Vgl. im Ergebnis ebenso: OVG BB, Beschluss vom 25. Juli 2013 - OVG 7 S 67.13 -, juris, Rn. 6; BayVGH, Beschluss vom 14. Juni 2013 - 10 C 13.710 -, juris, Rn. 15; VG München, Beschluss vom 5. November 2013 - M 2 S 13.31150 -, juris, Rn. 15.

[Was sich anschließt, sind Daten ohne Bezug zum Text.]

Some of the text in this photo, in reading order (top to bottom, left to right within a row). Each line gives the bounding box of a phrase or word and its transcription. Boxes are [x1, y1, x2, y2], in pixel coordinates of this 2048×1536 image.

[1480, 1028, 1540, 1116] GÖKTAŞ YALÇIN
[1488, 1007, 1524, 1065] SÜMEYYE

b) Ein Abschiebungsverbot nach § 60 Abs. 7 Satz 1 AufenthG ergibt sich auch nicht ausnahmsweise aufgrund allgemeiner Gefahren. Allgemeine Gefahren, insbesondere auch die die Bevölkerung insgesamt treffenden wirtschaftlichen Existenzbedingungen und die damit zusammenhängende Versorgungslage im Zielstaat der Abschiebung, sind gemäß § 60 Abs. 7 Satz 6 AufenthG bei Anordnungen nach § 60a Abs. 1 Satz 1 AufenthG zu berücksichtigen und begründen demnach grundsätzlich kein Abschiebungsverbot gemäß § 60 Abs. 7 Satz 1 AufenthG. Etwas anderes gilt in verfassungskonformer Anwendung des § 60 Abs. 7 Satz 1 AufenthG ausnahmsweise dann, wenn der Ausländer bei einer Rückkehr aufgrund dieser allgemeinen Bedingungen mit hoher Wahrscheinlichkeit einer extremen Gefahrenlage ausgesetzt wäre.

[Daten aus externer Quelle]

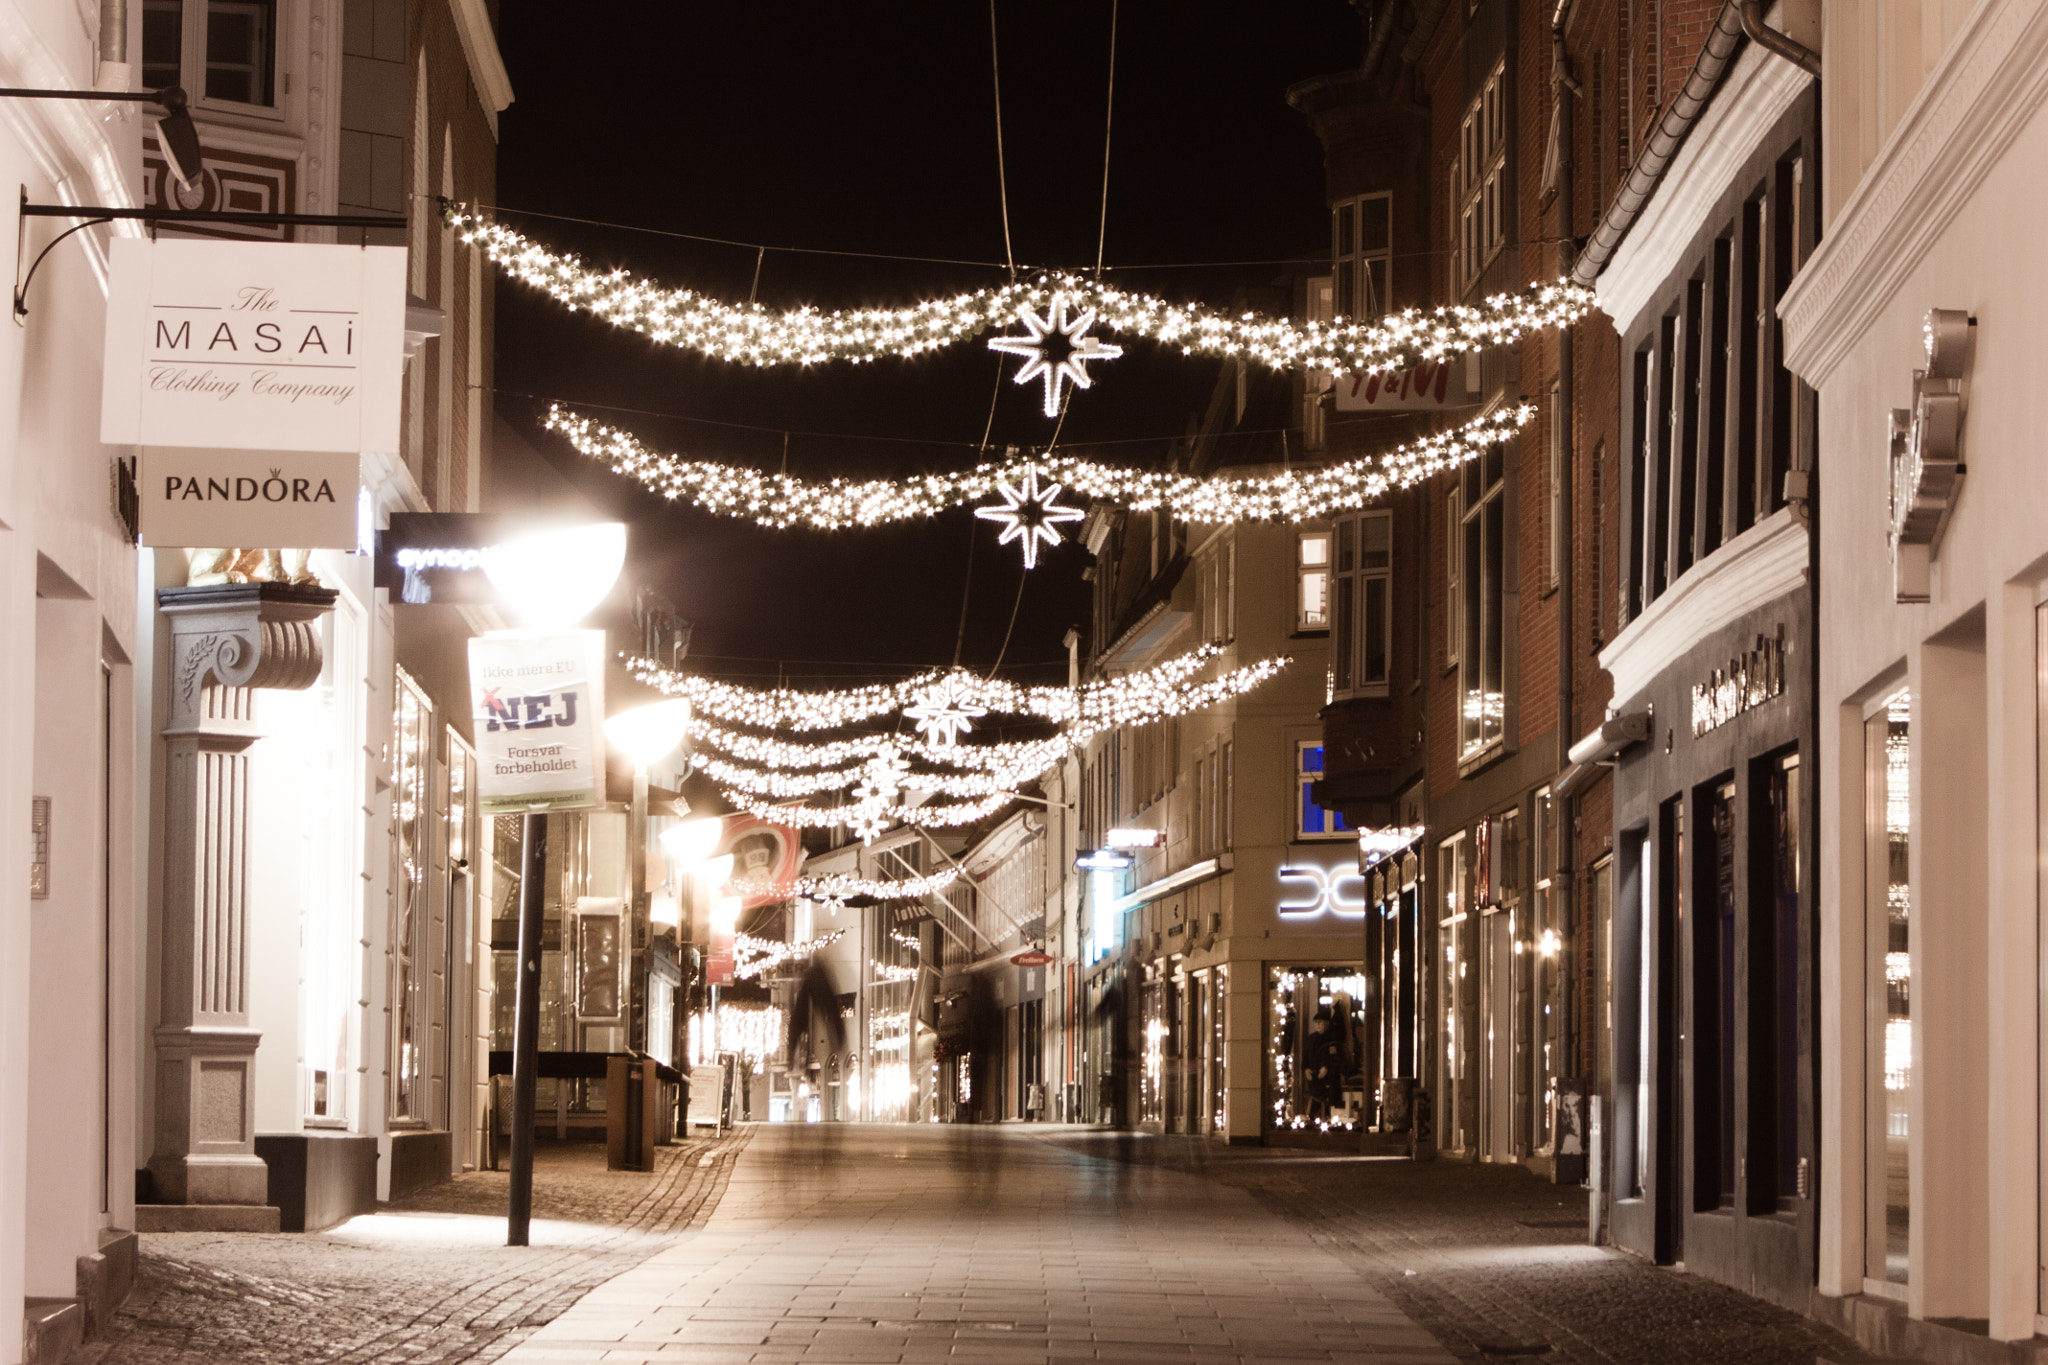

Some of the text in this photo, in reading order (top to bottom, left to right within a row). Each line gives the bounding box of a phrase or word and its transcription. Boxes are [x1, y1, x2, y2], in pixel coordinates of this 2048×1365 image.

[230, 286, 279, 313] The
[149, 366, 355, 405] Clothing Company
[166, 474, 336, 503] PANDORA
[483, 661, 575, 679] Ikke mere EU
[487, 692, 577, 732] NEJ
[507, 745, 563, 758] Forsvar
[495, 759, 577, 775] forbeholdet
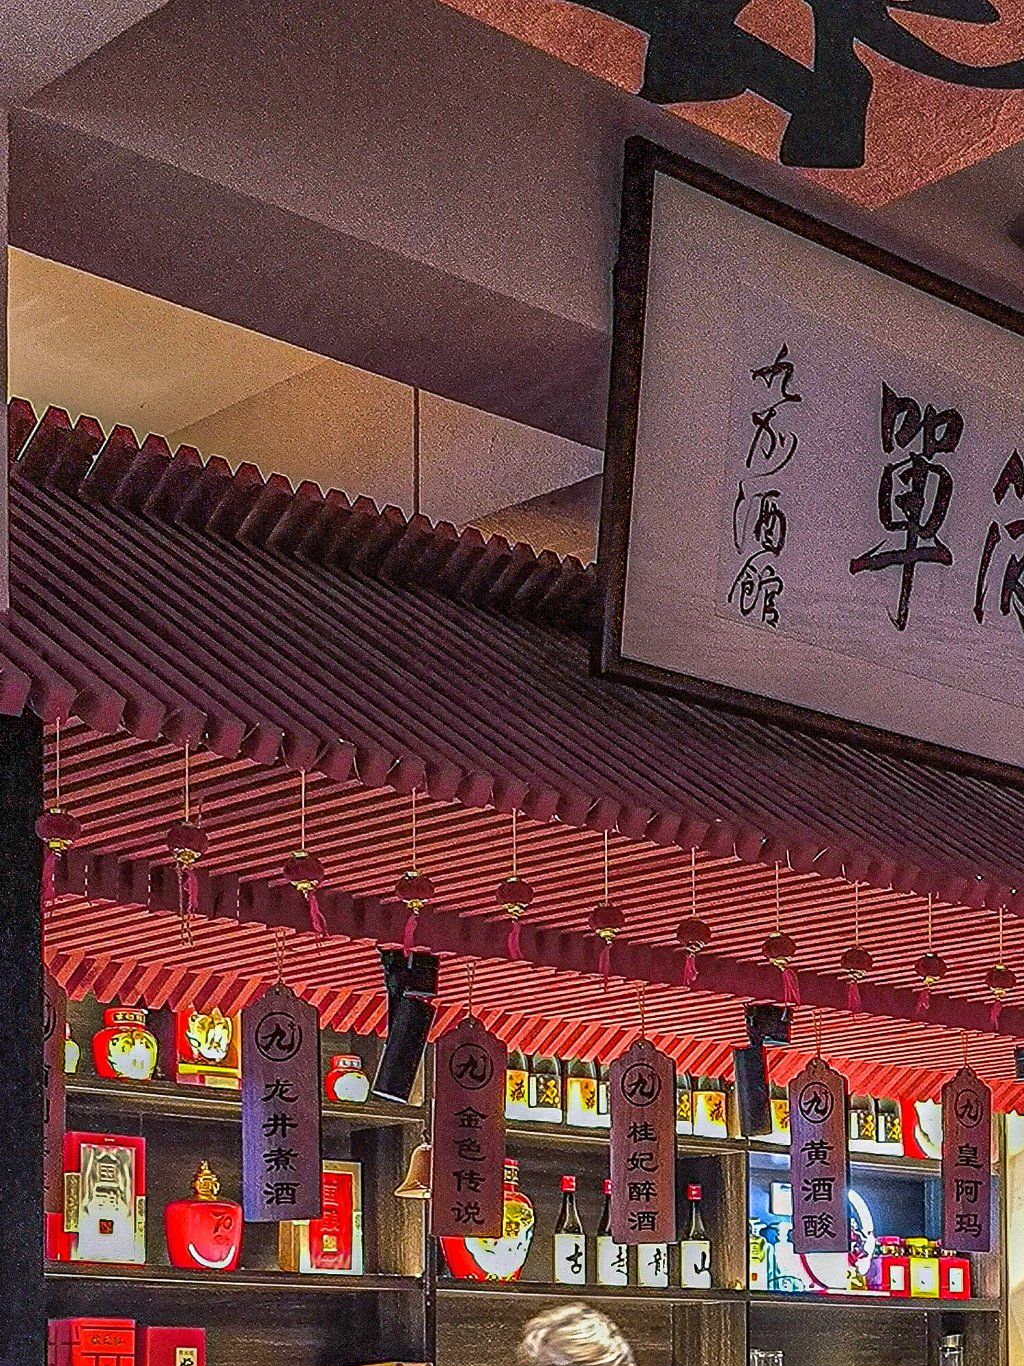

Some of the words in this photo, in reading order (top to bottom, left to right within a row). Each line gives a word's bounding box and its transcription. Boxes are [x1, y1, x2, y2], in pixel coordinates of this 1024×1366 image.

[260, 1078, 301, 1206] 龙井煮酒
[451, 1105, 488, 1226] 金色传说
[626, 1121, 659, 1232] 桂妃醉酒
[800, 1139, 837, 1240] 黄酒酸
[954, 1142, 984, 1239] 皇阿玛

Der Kläger, für den nach den oben gemachten Ausführungen schon kein Abschiebungsverbot nach § 60 Abs. 5 AufenthG i. V. m. Art. 3 EMRK besteht, wäre bei einer Rückkehr nach Tunesien wegen der dortigen allgemeinen Lebensbedingungen keiner extremen Gefahrenlage ausgesetzt.

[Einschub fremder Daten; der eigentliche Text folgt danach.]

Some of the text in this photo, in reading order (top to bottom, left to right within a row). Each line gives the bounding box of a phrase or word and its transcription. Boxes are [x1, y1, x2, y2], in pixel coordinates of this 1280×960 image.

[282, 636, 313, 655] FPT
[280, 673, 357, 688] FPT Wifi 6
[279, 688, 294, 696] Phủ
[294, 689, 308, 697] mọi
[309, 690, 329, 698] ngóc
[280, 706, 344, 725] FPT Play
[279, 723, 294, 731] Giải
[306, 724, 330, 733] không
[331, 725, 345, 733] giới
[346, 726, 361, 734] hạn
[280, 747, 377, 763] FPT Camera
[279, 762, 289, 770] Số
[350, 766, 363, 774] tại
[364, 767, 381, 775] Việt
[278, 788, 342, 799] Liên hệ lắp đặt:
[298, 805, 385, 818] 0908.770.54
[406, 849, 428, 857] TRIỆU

II. Die in Nr. 3 des angegriffenen Bescheides des Bundesamtes enthaltene Änderung der Zielstaatsbestimmung, wonach dem Kläger nunmehr eine Abschiebung nach Tunesien angedroht wurde, ist aus rechtlicher Sicht nicht zu beanstanden. Denn es bestehen keine Zweifel daran, dass es sich hierbei um seinen Herkunftsstaat handelt. Auch wenn es sich bei dieser Regelung aufgrund der vorgenommenen wesentlichen Änderung um eine neue Rückkehrentscheidung im Sinne von Art. 3 Nr. 4 der Richtlinie 2008/115/EG des Europäischen Parlaments und des Rates vom 16. Dezember 2008 über gemeinsame Normen und Verfahren in den Mitgliedstaaten zur Rückführung illegal aufhältiger Drittstaatsangehöriger handeln sollte,
vgl. VG Hamburg, Urteil vom 22. Februar 2023 - 21 K 5877/16 -, juris, Rn. 57, m.w.N.,
sind Rechtsfehler nicht erkennbar (vgl. § 37 Abs. 2 AsylG).
Die Kostenentscheidung folgt aus § 154 Abs. 1 und 2 VwGO in Verbindung mit § 83b AsylG.
Der Ausspruch zur vorläufigen Vollstreckbarkeit beruht auf § 167 Abs. 1 Satz 1 und Abs. 2 VwGO in Verbindung mit § 708 Nr. 11 Alt. 2, §§ 711 und 709 Satz 2 ZPO.